On 30 June 2022, on the strength of evidence collected during the investigation, the ICC Pre-Trial Chamber delivered arrest warrants for three de facto South Ossetian officials believed to bear responsibility for war crimes committed during the 2008 war — Mikhail Mindzaev, Hamlet Guchmazov and David Sanakoev, respectively, holding the positions of Minister of Internal Affairs, head of a detention centre in Tskhinvali, and Presidential Representative for Human Rights of South Ossetia, at the relevant time.

== Conclusion of investigation phase==
On 16 December 2022, Karim Ahmad Khan, the Prosecutor of the ICC, announced the conclusion of the six-year investigation phase in the Situation in Georgia. The statement confirmed that the three South Ossetian officials had been indicted for "unlawful confinement, torture, and ill-treatment, hostage taking, and subsequent unlawful transfer of ethnic Georgian civilians in the context of an occupation by the Russian Federation". The three men remained at large at that time. A senior Russian commander, Major General Vyacheslav Borisov, was "believed to have intentionally contributed to the execution of some of [the] crimes", but was not indicted on account of having died. The Prosecutor noted that the mentioned crimes were "representative of a wider pattern of criminality which included the widespread looting and destruction of Georgian villages and homes and the denial of the return of almost all of the Georgian population of the Tskhinvali region".

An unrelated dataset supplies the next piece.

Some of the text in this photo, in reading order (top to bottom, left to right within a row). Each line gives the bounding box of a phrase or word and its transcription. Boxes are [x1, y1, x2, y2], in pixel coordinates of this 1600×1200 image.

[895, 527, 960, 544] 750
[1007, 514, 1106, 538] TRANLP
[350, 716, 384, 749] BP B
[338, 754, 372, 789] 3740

Karim Ahmad Khan also revealed that due to the lack of any significant change in circumstance the Prosecutor's Office would not pursue new lines of inquiry into the responsibility of other persons or for other conduct within the Situation in Georgia. This was the first time that the Office decided to conclude the investigation phase of the work in relation to a Situation addressed by the Court. The Prosecutor emphasized that the ICC's efforts in Georgia were "far from over" as the individuals subject to arrest warrants had yet to be successfully prosecuted.